[[ Information given open ]]
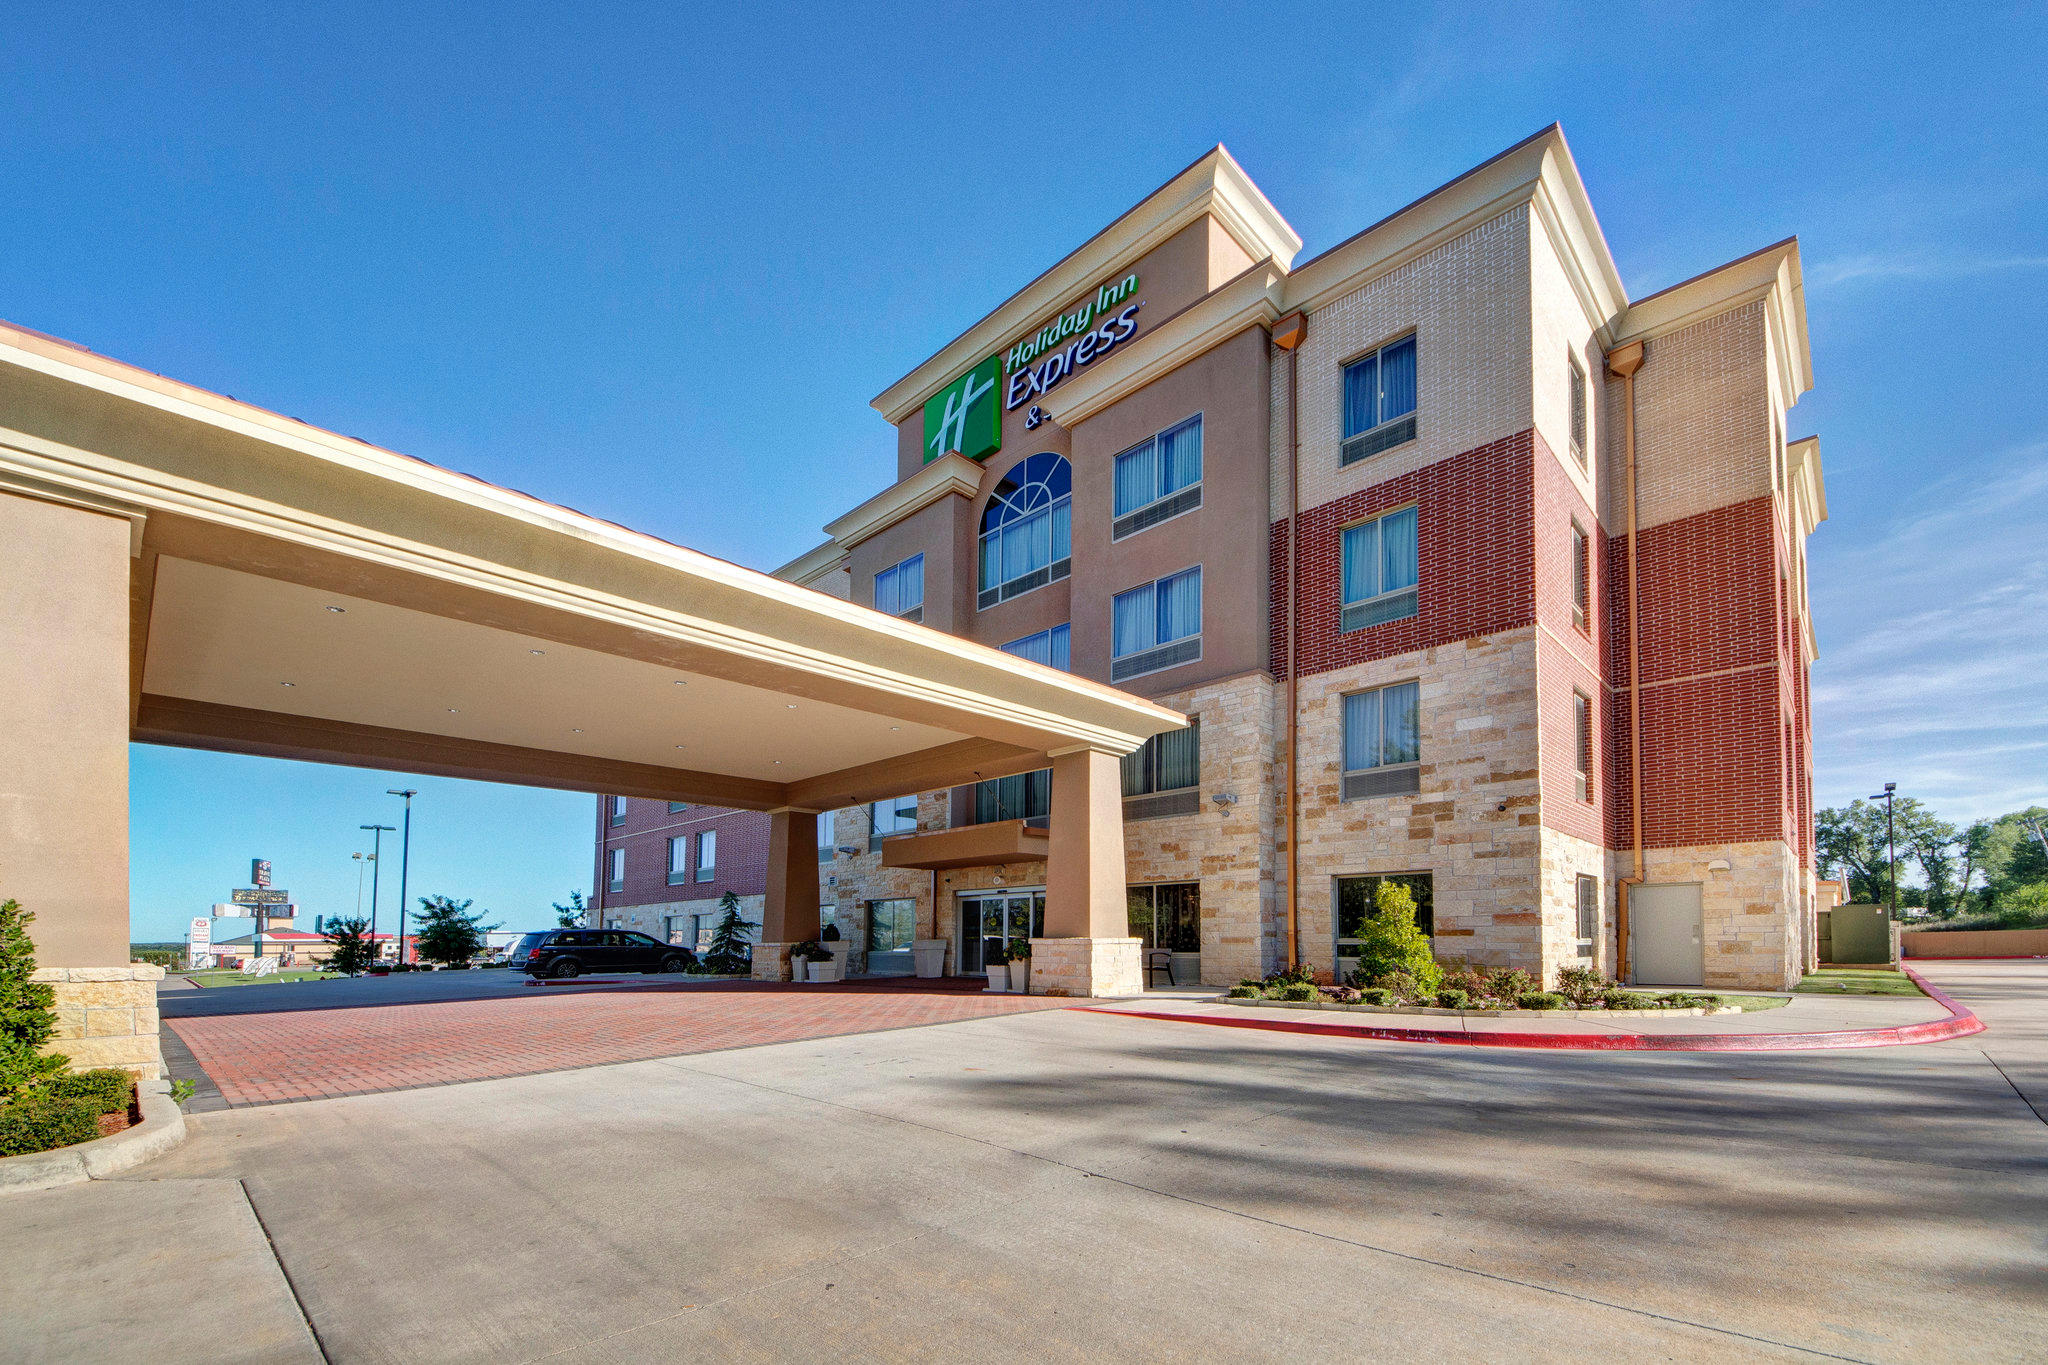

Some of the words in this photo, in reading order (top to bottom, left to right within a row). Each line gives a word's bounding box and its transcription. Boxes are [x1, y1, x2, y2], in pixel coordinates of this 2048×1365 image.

[1005, 301, 1095, 375] Holiday
[1096, 273, 1138, 314] Inn
[1006, 304, 1139, 411] Express
[1024, 404, 1042, 431] &
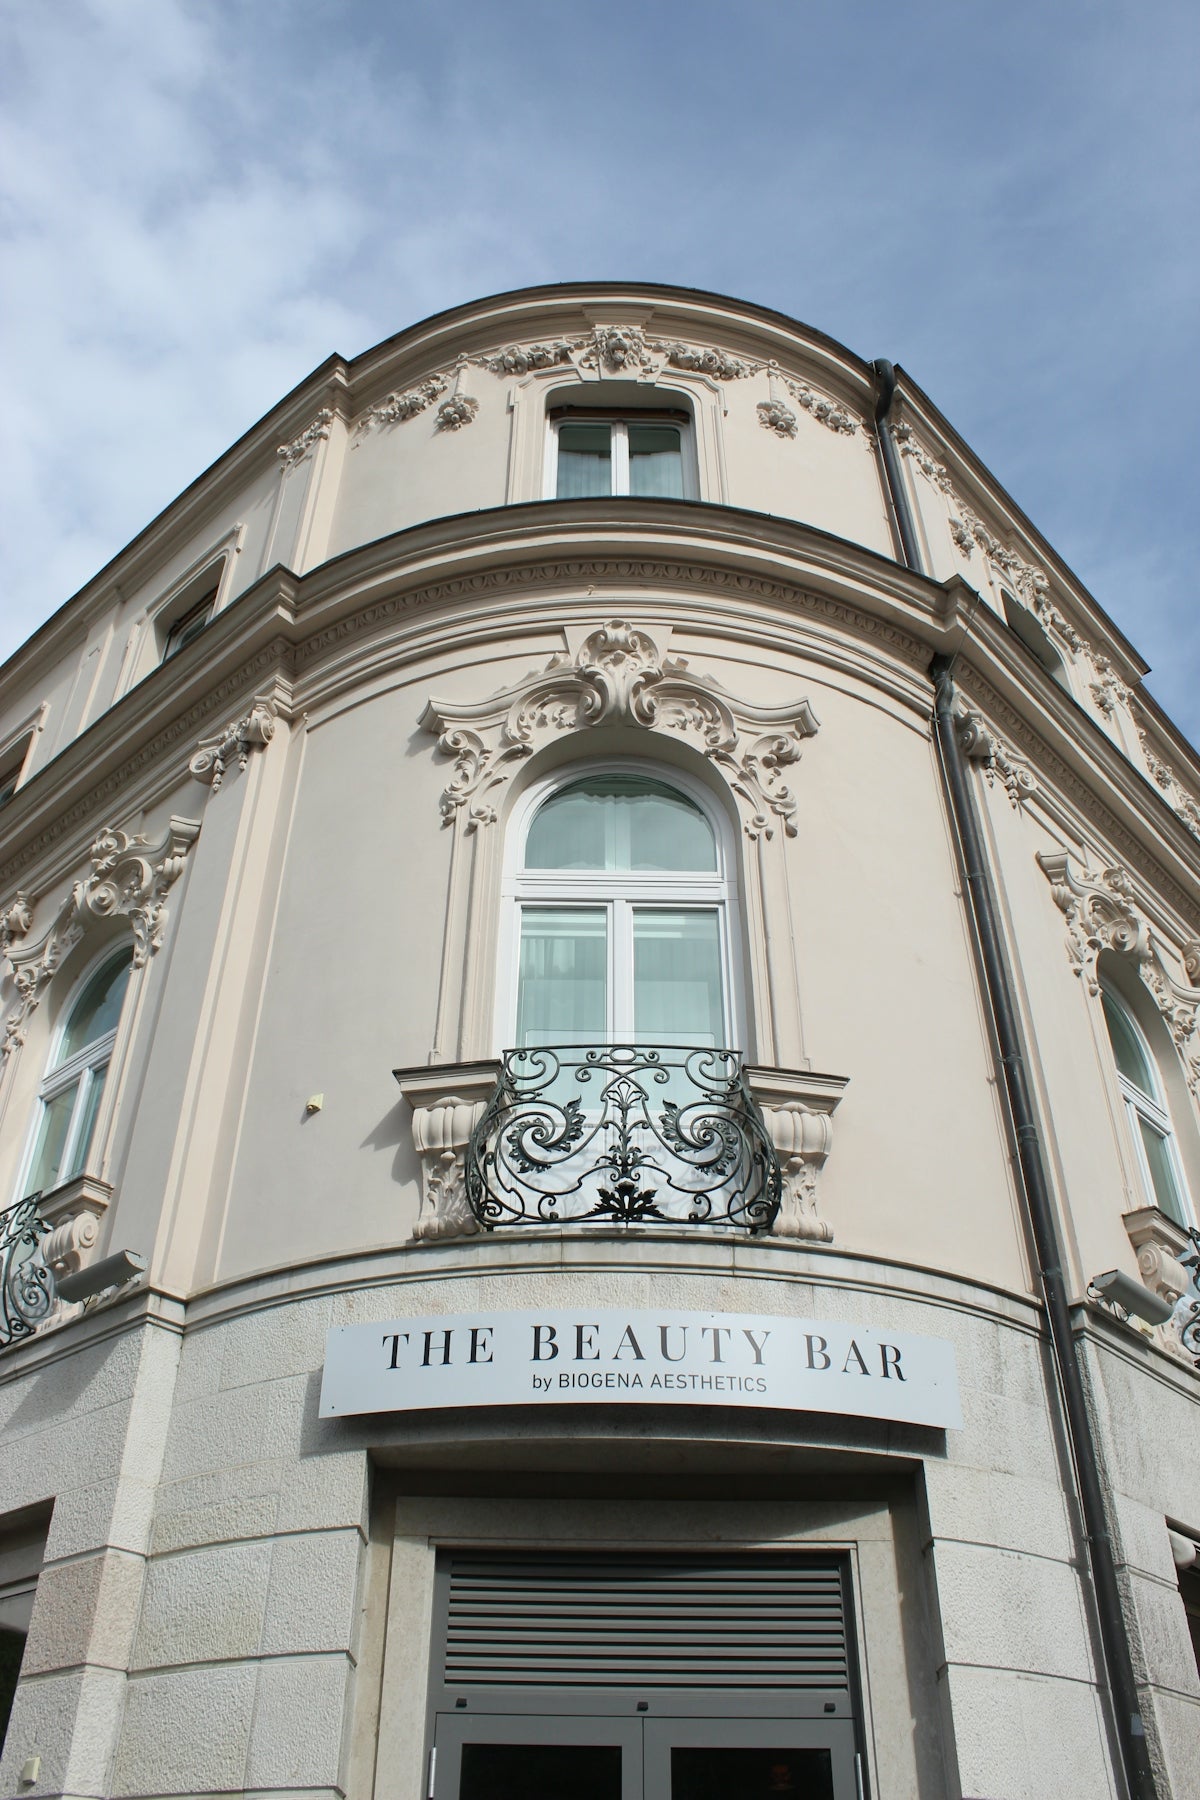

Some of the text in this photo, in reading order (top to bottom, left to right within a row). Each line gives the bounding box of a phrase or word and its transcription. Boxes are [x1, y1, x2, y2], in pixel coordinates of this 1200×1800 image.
[[ Information given closed ]]
## Work instruction
Please reproduce the data above word for word, skipping all images.

## Result
Some of the words in this photo, in reading order (top to bottom, left to right within a row). Each line gives a word's bounding box and its transcription. Boxes are [x1, y1, x2, y2], in pixel coordinates of this 2048×1365 image.

[1005, 301, 1095, 375] Holiday
[1096, 273, 1138, 314] Inn
[1006, 304, 1139, 411] Express
[1024, 404, 1042, 431] &

Some of the text in this photo, in reading order (top to bottom, left to right within a row). Each line gives the bounding box of a phrase or word and its transcription. Boxes are [x1, y1, x2, y2], in pixel coordinates of this 1200×1800 image.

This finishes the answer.